Why we’re asking this question
This week in Substack Seminary, we’re wrestling with a simple question:
What’s in a name?
In most organizational development work, naming comes last. You focus on mission, purpose, and structure first—then worry about brand identity.
That’s usually good advice.
But I’ve started to wonder if, at least in ministry, that order might be incomplete.
Names as stories
In The Stories Congregations Tell: Flourishing in the Face of Transition and Change, the authors argue that congregations are guided by the stories they tell about themselves—both explicitly and implicitly.
That shift matters.
Because if ministries are shaped by their internal narratives, then names are not just labels.

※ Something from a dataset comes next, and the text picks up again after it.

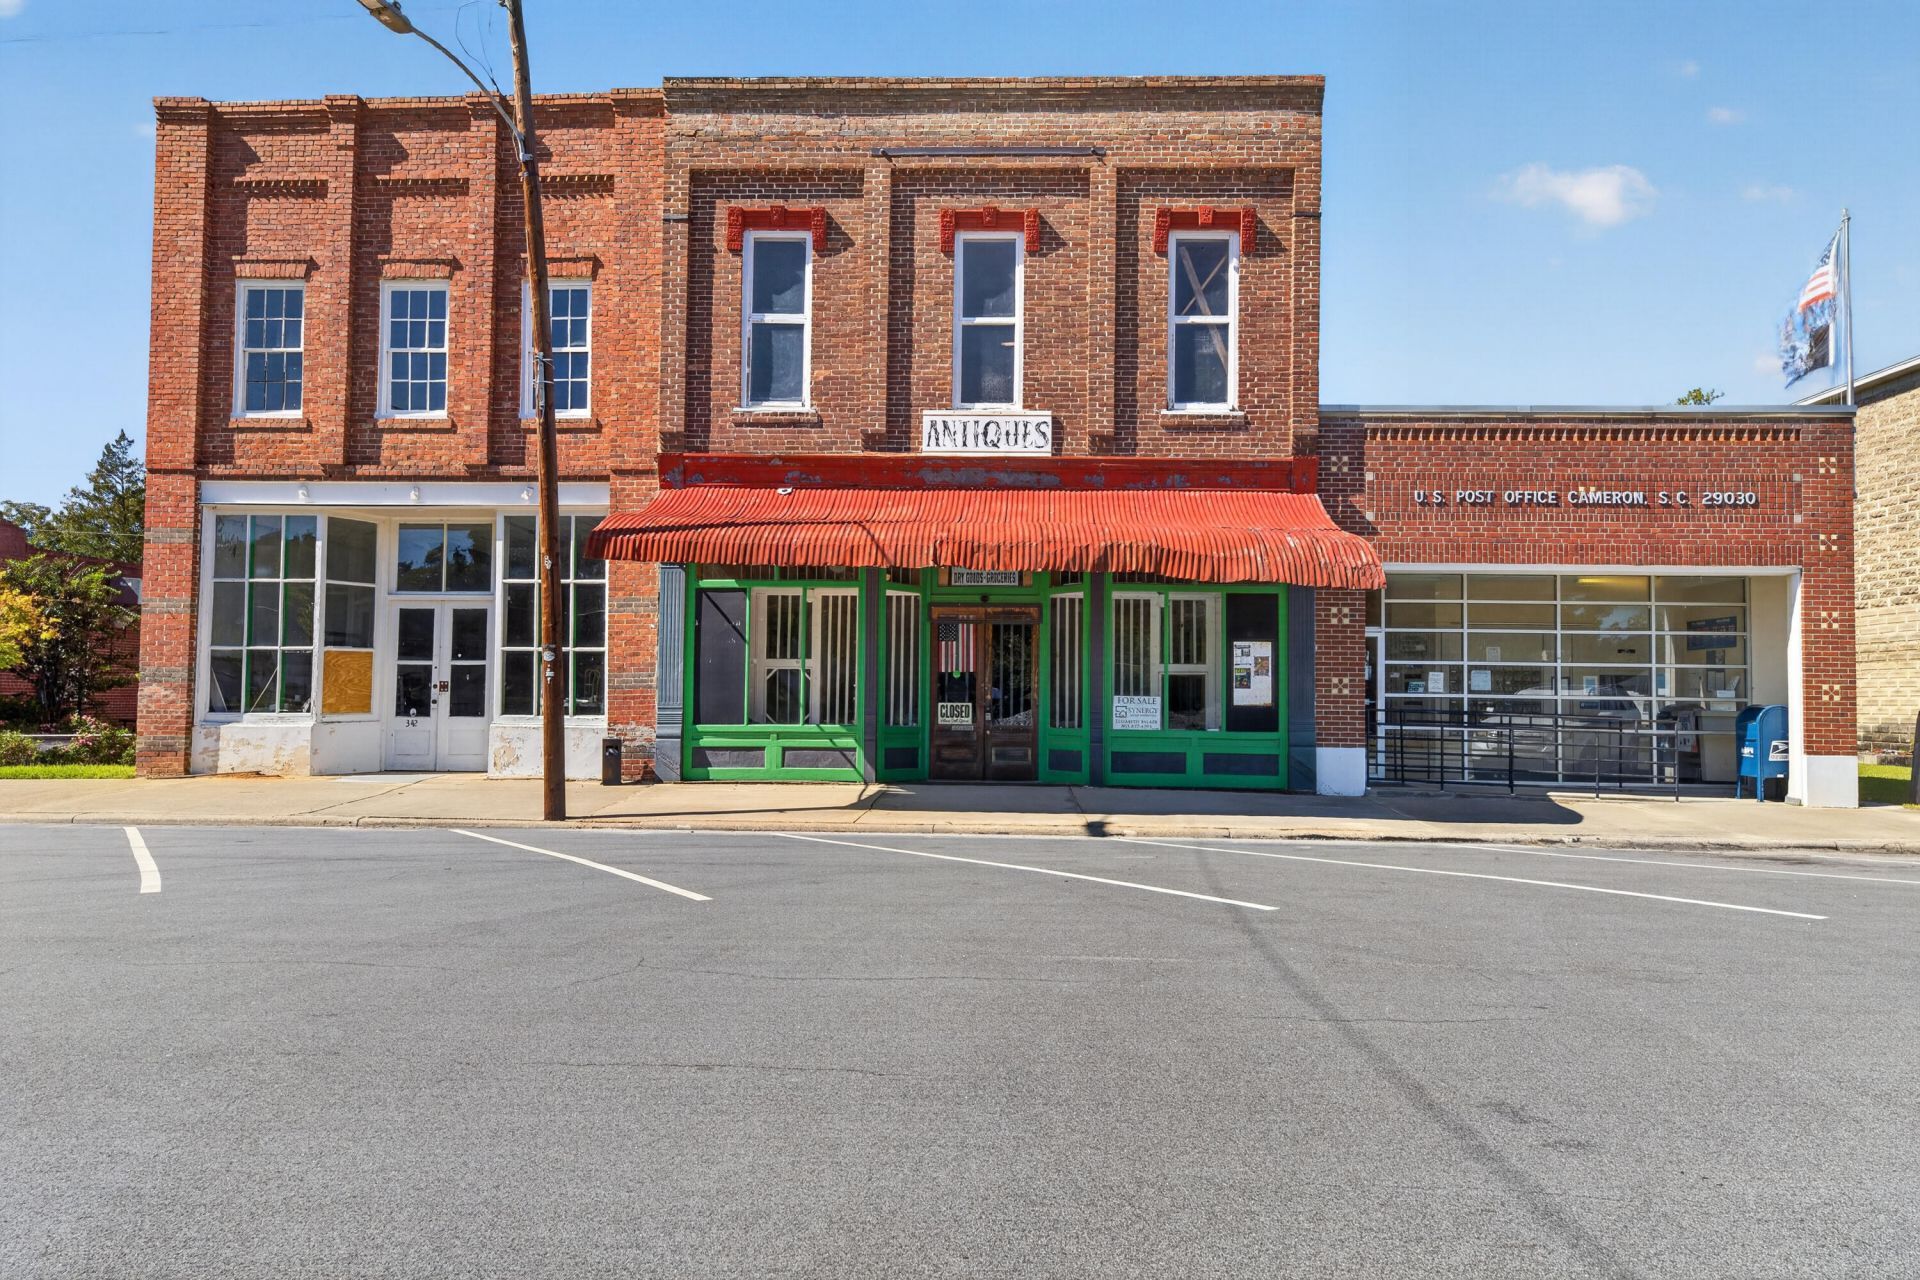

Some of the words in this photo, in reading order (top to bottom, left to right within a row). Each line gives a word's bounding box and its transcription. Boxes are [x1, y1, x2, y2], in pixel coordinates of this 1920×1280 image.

They are identity-forming tools.
Names help a community “identify and clearly articulate who they are and are not, and how their organizational past, present, and future link together in their context.”
Why this matters now
We are in a moment of profound transition—especially within the church.
And in moments like this, clarity matters more than ever.
The authors note that “storyline consistency is an important hinge” for flourishing in times of change.
A name won’t solve everything.
But it can anchor a ministry’s identity when everything else feels unstable.
A good name holds the story together.
Reality and aspiration
There’s another tension the book names that’s worth holding onto.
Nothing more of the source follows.